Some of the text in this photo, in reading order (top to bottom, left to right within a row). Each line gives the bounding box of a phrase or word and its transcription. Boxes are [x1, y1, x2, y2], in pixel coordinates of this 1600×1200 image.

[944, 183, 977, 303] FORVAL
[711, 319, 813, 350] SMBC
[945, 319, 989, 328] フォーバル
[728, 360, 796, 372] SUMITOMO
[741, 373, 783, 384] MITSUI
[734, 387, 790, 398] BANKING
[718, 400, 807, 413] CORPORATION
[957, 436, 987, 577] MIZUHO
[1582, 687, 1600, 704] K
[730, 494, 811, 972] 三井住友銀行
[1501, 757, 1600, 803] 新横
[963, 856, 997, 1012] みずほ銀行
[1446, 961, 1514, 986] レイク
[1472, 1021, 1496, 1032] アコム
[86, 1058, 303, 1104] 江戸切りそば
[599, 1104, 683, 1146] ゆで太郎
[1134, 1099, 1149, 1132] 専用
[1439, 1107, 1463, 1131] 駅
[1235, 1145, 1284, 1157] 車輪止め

> _Exercise prompt_
Copy every record exactly.

> _Final answer_
Some of the text in this photo, in reading order (top to bottom, left to right within a row). Each line gives the bounding box of a phrase or word and its transcription. Boxes are [x1, y1, x2, y2], in pixel coordinates of this 1600×1200 image.

[944, 183, 977, 303] FORVAL
[711, 319, 813, 350] SMBC
[945, 319, 989, 328] フォーバル
[728, 360, 796, 372] SUMITOMO
[741, 373, 783, 384] MITSUI
[734, 387, 790, 398] BANKING
[718, 400, 807, 413] CORPORATION
[957, 436, 987, 577] MIZUHO
[1582, 687, 1600, 704] K
[730, 494, 811, 972] 三井住友銀行
[1501, 757, 1600, 803] 新横
[963, 856, 997, 1012] みずほ銀行
[1446, 961, 1514, 986] レイク
[1472, 1021, 1496, 1032] アコム
[86, 1058, 303, 1104] 江戸切りそば
[599, 1104, 683, 1146] ゆで太郎
[1134, 1099, 1149, 1132] 専用
[1439, 1107, 1463, 1131] 駅
[1235, 1145, 1284, 1157] 車輪止め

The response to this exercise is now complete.